Texas Justice at its Worst
  by  Molly Ivins
 
 AUSTIN -- Well, isn't that special?
The governor has granted a 30-day stay to a man on death row so we
can figure out from DNA  evidence whether the guy should be on Death Row.
Which he may well be, but it'll be nice to be certain for a change.
 
It took Bush only 131 executions to find a case where he thought there might be
some doubt about the matter. No, I take that back. He did once grant a pardon:
He had to.

That was memorable case of Henry Lee Lucas, the serial liar, who confessed
to 150 murders before our brighter law enforcement minds started to wonder
if he was telling the truth.

The impeccable Texas criminal justice system -- about which the governor is
so certain he has repeatedly said he has never had a shred a doubt about any
of the 131 executions on his watch -- managed to convict Lucas of a murder
that rather demonstrably occurred while Lucas was in another state entirely.
Ooops.

It is particularly entertaining to watch Bush on national television solemnly
explaining that those on Texas' Death Row have "full access to the courts."
They do?

Then why did the Court of Criminal Appeals throw out Ricky McGinn's
request for new DNA testing two days before his scheduled execution?
Why does it take a 30-day stay from the governor to get DNA evidence examined?

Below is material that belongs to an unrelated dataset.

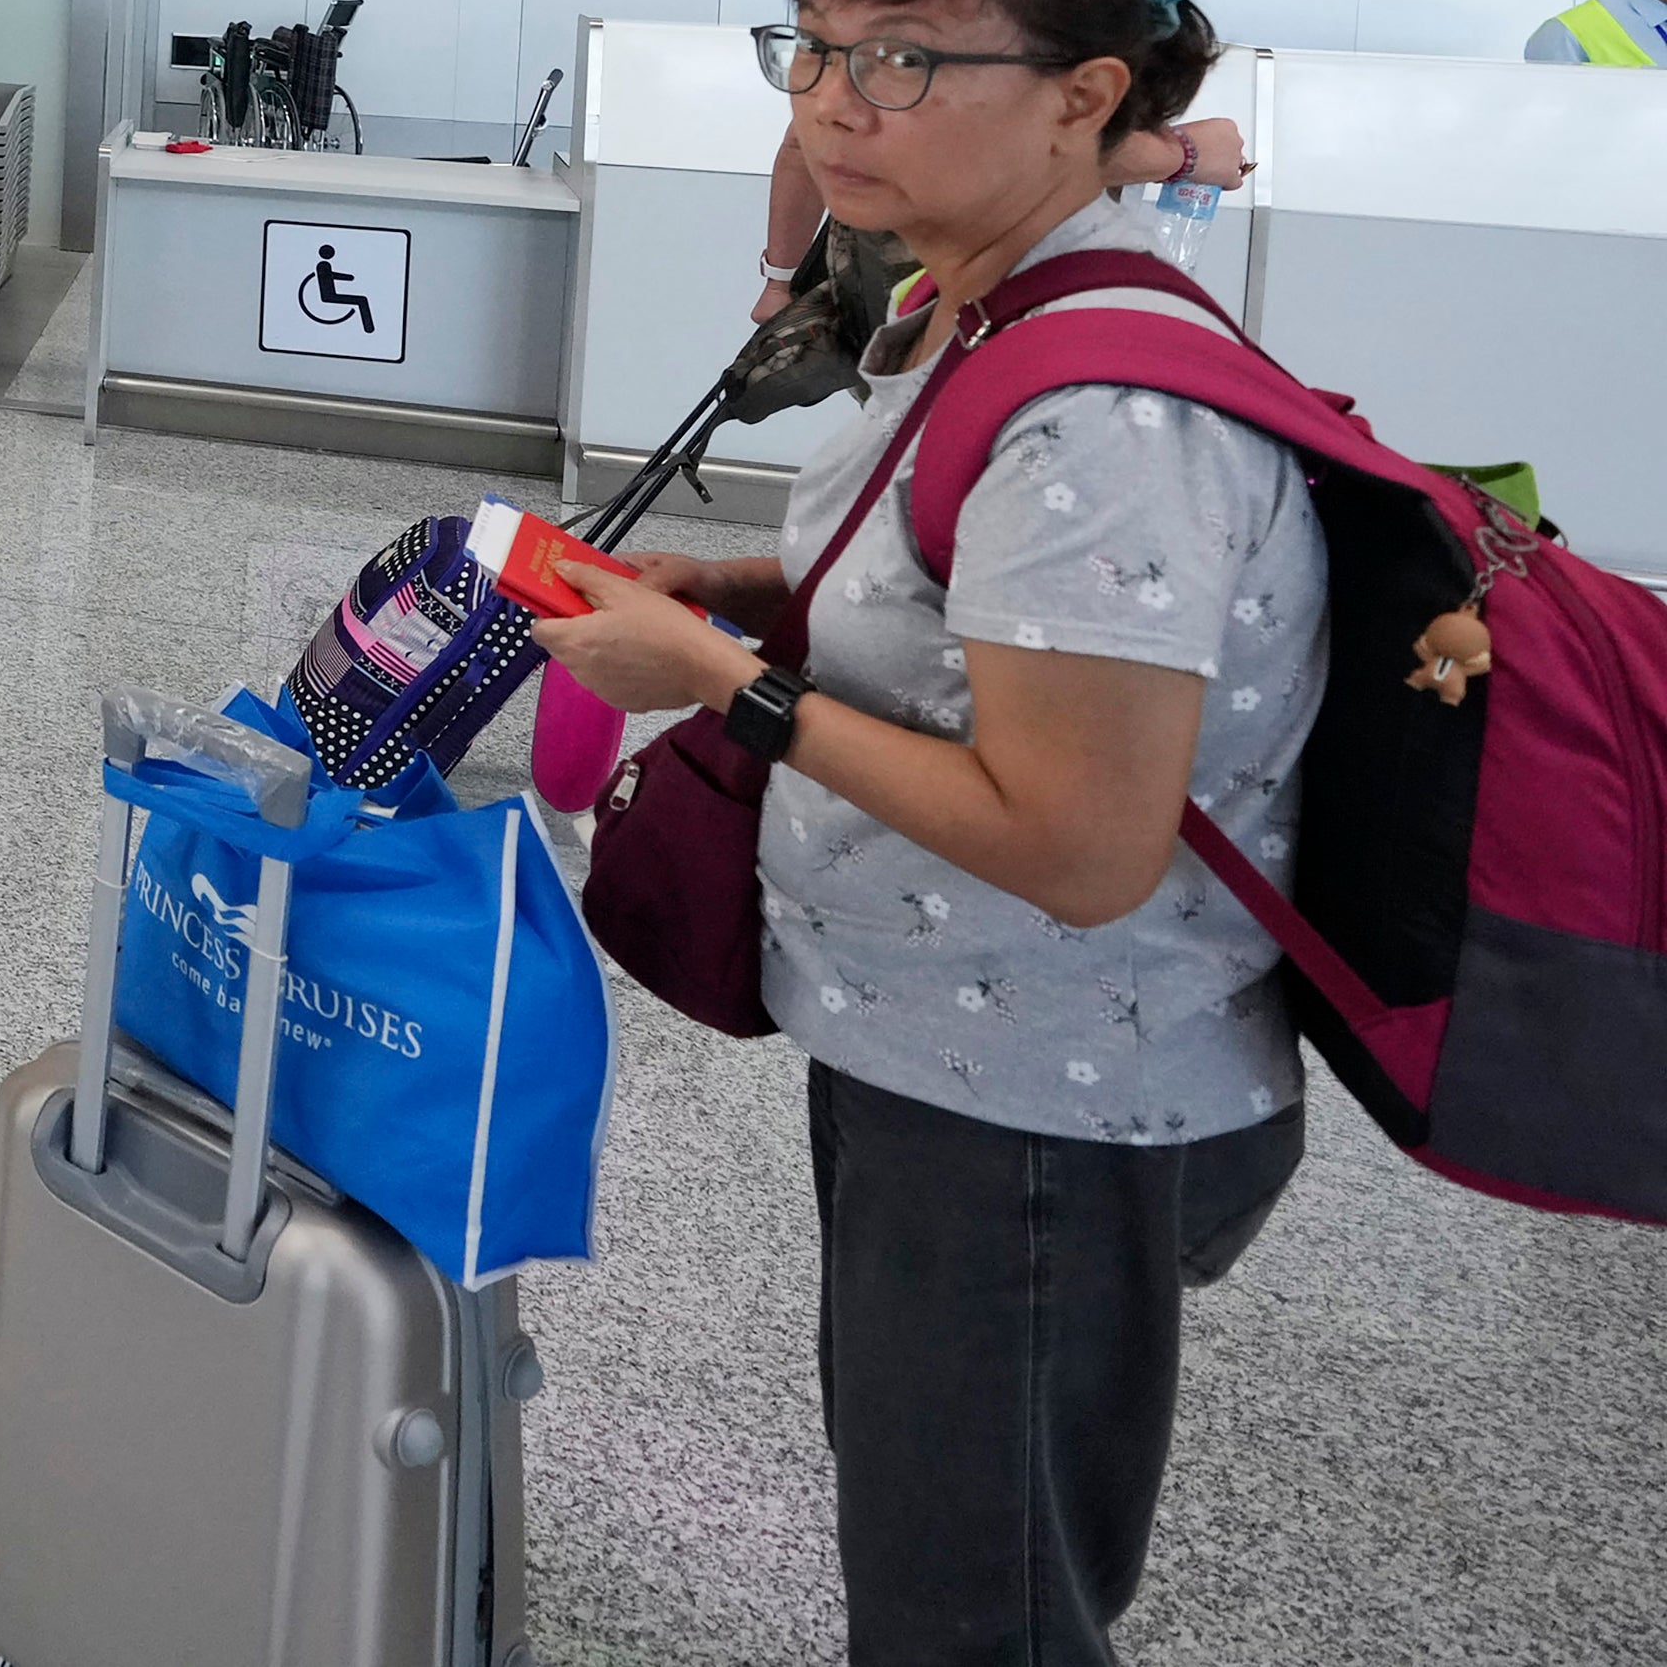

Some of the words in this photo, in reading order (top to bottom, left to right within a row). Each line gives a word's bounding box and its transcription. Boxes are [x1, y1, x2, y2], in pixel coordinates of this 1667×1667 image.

Because, may I suggest, those on Death Row in Texas do NOT have full access
to the courts, or anything like it. When the Texas Criminal Defense Lawyers
Association started its own Innocence Project -- modelled after Barry Scheck's
effective New York legal operation that has now proved the innocence of almost
100 men and women, some on Death Row -- two people whose names you may
recall from the past were present, Randall Dale Adams and Clarence Brandly.
Neither one of whom would be alive today if the current rules limiting access
to the courts had been effect when their painfully questionable convictions
were finally overturned.

To my mind, the McGinn case is not nearly as questionable as another execution
that took place on Wednesday that may well have destroyed the last chance of
another man who may be innocent. Read this one and see what you think.

A prison guard named Robert Carter ran amok in 1992 in Somerville, stabbing,
shooting and burning six family members including his 4-year-old son from
a previous relationship.

At one point, Carter claimed that Anthony Graves, a cousin of his wife, did most
of the killing that night. Carter attempted to retract his charge against Graves early on,
but wound up testifying against him after receiving his own death sentence in 1994.
Carter insisted in a deposition given last month that he had tried to exonerate Graves
in the past and that the reason he lied was because authorities pressured him to name
an accomplice and threatened to prosecute his wife, Theresa. There is a videotape of
him making the same statement in 1997. Carter wrote Graves' lawyer at least nine times
over the years telling of Graves' innocence.

At his execution last week, six members of the victims' family were present.
Carter, strapped to the gurney, said, "I'm sorry for all the pain I've caused your family.
It was me and me alone. Anthony Graves had nothing to do with it. I lied on him
in court."

Graves has two witnesses that could testify to his location the night of the incident:
his brother, Arthur, and girlfriend, Yolanda Mathis. Arthur testified at the trial.
But Mathis, the only true alibi, said she was afraid to testify because she felt she
had been threatened with prosecution. During the trial, she literally went running
from the courthouse just before she was to testify.

The forensic evidence against Graves is "ridiculous trash," according to his appeals
lawyer, Roy Greenwood. But since the testimony of a accomplice is so powerful,
said Greenwood, without Carter there to retract in person, Graves' chances are less.

The Court of Appeals, which is rapidly becoming a misnomer, did grant a hearing in
the case but did not consider Carter's recantation. The matter is now in a federal court
in Galveston. But we're coming right along here in Texas on the criminal justice front.
 

Many people thought that when two of three defendants in the Jasper dragging case
were given the death penalty it was first time ever in Texas white people had been given
death for killing a black. Actually, those were the second and third times that has happened.

And if that didn't make you proud to be a Texan, what would?